Health

Indonesia investigates how 2 Sumatran tigers got Covid-19

(Update 1: adds info on Covid-19 restrictions, infections)

Jakarta, Aug 2 (EFE).- Indonesian authorities began an investigation on Monday into how two Sumatran tigers – a critically endangered species – at a zoo in Jakarta came to be infected with Covid-19.

The two tigers, a 12-year-old female and a 9-year-old male, showed shortness of breath and loss of appetite and were tested for Covid-19 in mid-July, which yielded a positive result, the head of management of Ragunan Zoo, Endah Rumiyati, told EFE on Monday.

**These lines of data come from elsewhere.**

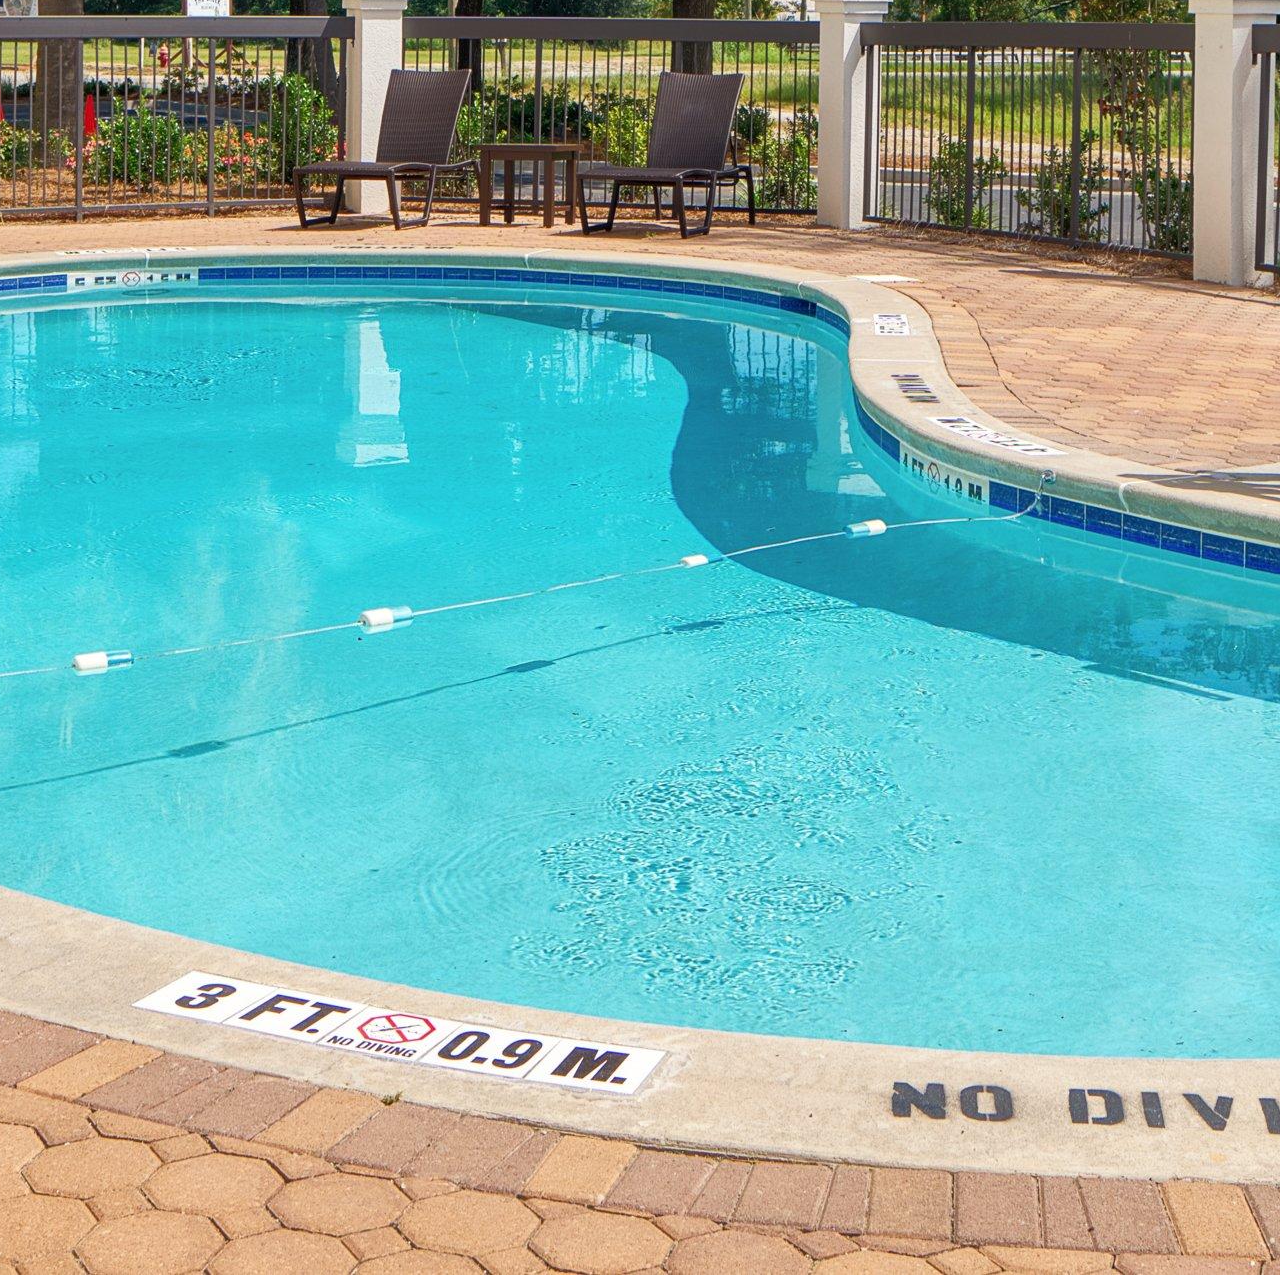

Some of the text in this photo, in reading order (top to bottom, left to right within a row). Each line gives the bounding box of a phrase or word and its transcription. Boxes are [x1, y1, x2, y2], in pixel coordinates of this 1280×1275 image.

[175, 983, 631, 1085] 3 FT. 0.9 M.
[326, 1035, 418, 1058] NO DIVING
[891, 1081, 1014, 1122] NO
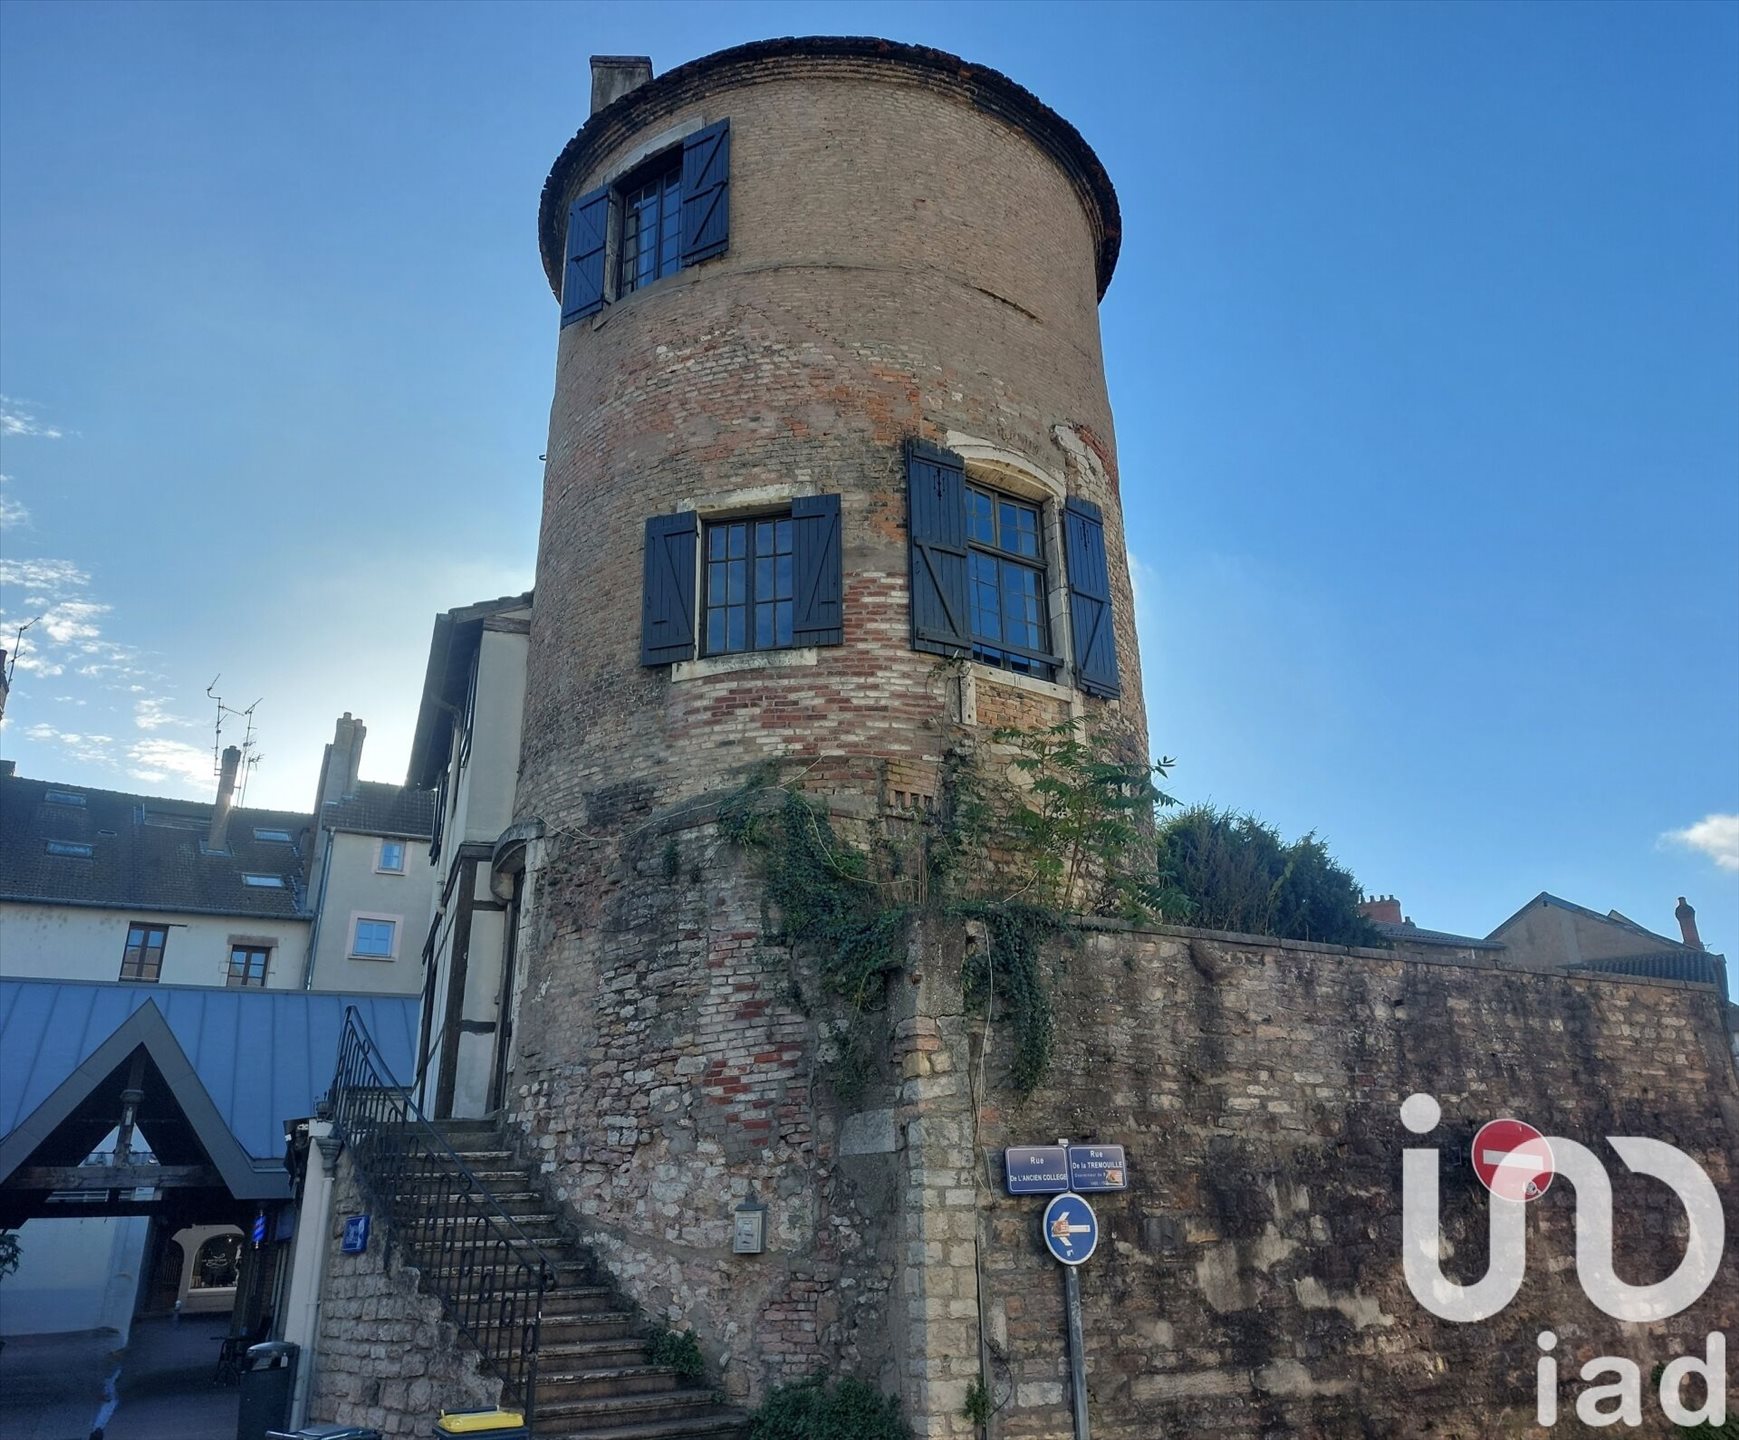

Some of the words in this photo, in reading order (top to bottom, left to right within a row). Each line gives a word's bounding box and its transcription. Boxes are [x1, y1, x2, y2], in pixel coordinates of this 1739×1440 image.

[1090, 1150, 1103, 1158] Rue
[1030, 1156, 1044, 1164] Rue
[1080, 1161, 1086, 1169] la
[1087, 1161, 1122, 1169] TREMOUILLE
[1018, 1174, 1042, 1182] L'ANCIEN
[1043, 1173, 1067, 1181] COLLEGE

The zoo official said that the doctors who analyzed the samples discovered that it “was not an active virus.”

“So this possibility is still being explored whether it can still be transmitted to humans or not,” she added.

The authorities had revealed on Sunday that the tigers recovered from the coronavirus after spending some two weeks under treatment, and were under observation.

An investigation has been launched to try to determine how the animals, who began to display symptoms of the virus while the zoo was closed following the latest Covid-19 outbreak in Indonesia, became infected.

According to the authorities, none of the caretakers or workers at the zoo were sick during the period in which the tigers were infected.

Indonesia is facing its worst wave of Covid-19 infections, linked to the highly contagious Delta variant.

The worst affected by the virus in Southeast Asia, Indonesia has recorded a total of 3.44 million cases, including 95,723 deaths, since the start of the pandemic.